James Timpson was made prisons minister. He was previously chair of the Employers Forum for Reducing Re-offending and the Prison Reform Trust and has run several innovative schemes to help offenders in the Timpsons company, the most important of which was simply to hire them, as part of a consistent structured programme for rehabilitation.

Sir Patrick Vallance was given the role of science minister. He was previously a physician, clinical pharmacologist and chief scientific adviser to the British government, not least during the Covid years, when he became a household name during regular press conferences.

Hilary Benn was given the role of Northern Ireland secretary. He has spent the last few years looking at Brexit trade issues in bone-crunching detail, as chair of the Brexit select committee and as co-convenor of Best for Britain’s UK Trade and Business Commission.

You have to pinch yourself, but it’s true. People who actually know what they’re talking about. People with experience of the thing they are governing. People who understand the complexity, the law, the regulations, the lived-in reality of the policy area they’re in charge of.

It’s worth noting that Keir Starmer has recognised one of the key benefits of the House of Lords here. Most European political systems allow the elected leader to insert people with outside expertise into government. So does the US. That’s why the person in charge of defence in Washington will sometimes be a five star general, while in the UK we get Gavin Williamson. In the UK, the prime minister has to pick from members of parliament. This typically restricts them to the Commons, which obviously has a narrow talent pool and limited real-world experience.

The only way to sidestep the problem is to give someone a lordship, which is what Starmer did in the first three of these cases. It’s not a very good way of doing it, but who cares? It works. It’s a decent enough workaround. Watching the new Prime Minister exploit it is satisfying and encouraging.

Experience does not only come in professional form though. It can also come through life itself. If you look higher up the ministerial ranks, this is the type of experience you encounter. Angela Rayner is a housing secretary who has actually lived in social housing, having grown up on a council estate in Stockport. Bridget Phillipson is an education secretary who has received free school meals when she was a pupil herself, having grown up on a council estate in Tyne and Wear.

This type of lived experience is not just important for knowing the reality of their policy area. It’s also a core element of how people can perform with a high degree of competence. If Starmer continues to replicate his shadow Cabinet team in office, Sutton Trust research shows he will have one of the most comprehensively educated Cabinets in history, with 84 per cent having attended comprehensive schools and six per cent grammar schools. That compares to 60 per cent of privately educated Cabinet ministers since the Tories took office – with the exception of Theresa May’s administration, when the proportion fell to 30 per cent.

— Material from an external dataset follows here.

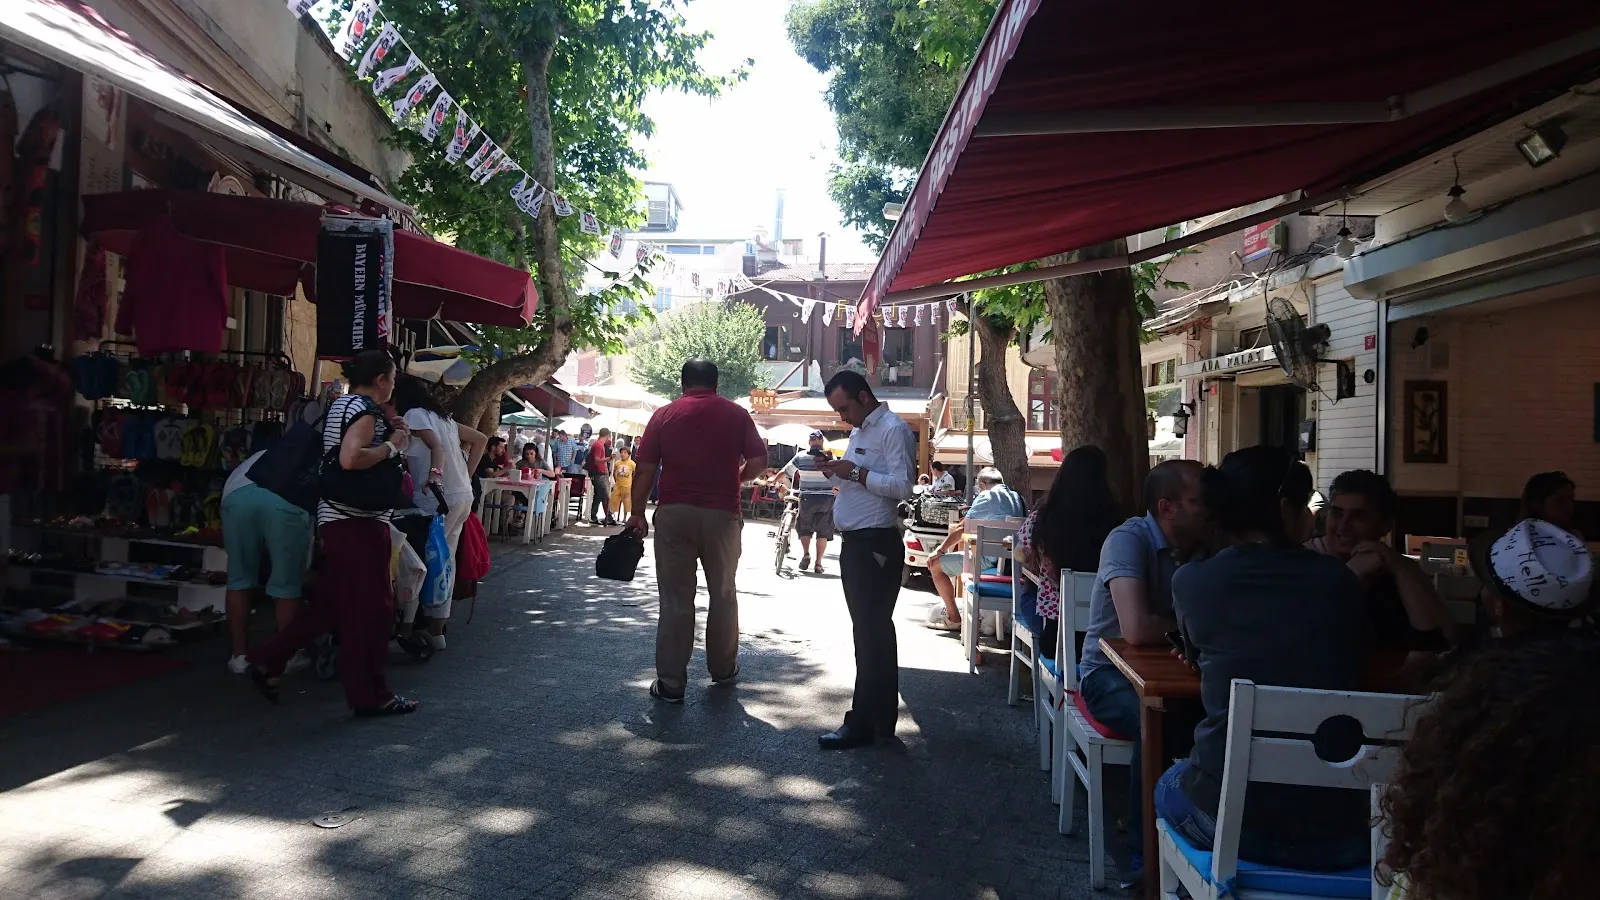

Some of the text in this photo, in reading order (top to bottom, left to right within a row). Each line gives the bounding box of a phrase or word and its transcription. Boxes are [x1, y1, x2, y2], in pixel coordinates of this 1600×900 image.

This type of educational background provides a completely different type of leadership. Government by the privately educated supplies people who succeeded because of the wealth of their parents. Government by the state-educated provides people who had to struggle to succeed – who worked their way up through grit, determination, and smarts, who have a higher average degree of competence. This is the true promise of meritocracy – not just what it does for the people involved, but what it achieves for the society around them, by having the most qualified people secure the most influential positions.

It’s been eight years since Michael Gove said that the country had “had enough of experts”. Well, we tried that and it didn’t work out. It left this nation in ruins. Now Starmer is trying a new experiment: government by people who know what the hell they’re talking about, either through specialist expertise or life experience, or both.

Strap yourself in. We’re entering one of the most exciting and hopeful periods of British politics in our lifetime. And good God alive, it couldn’t come too soon.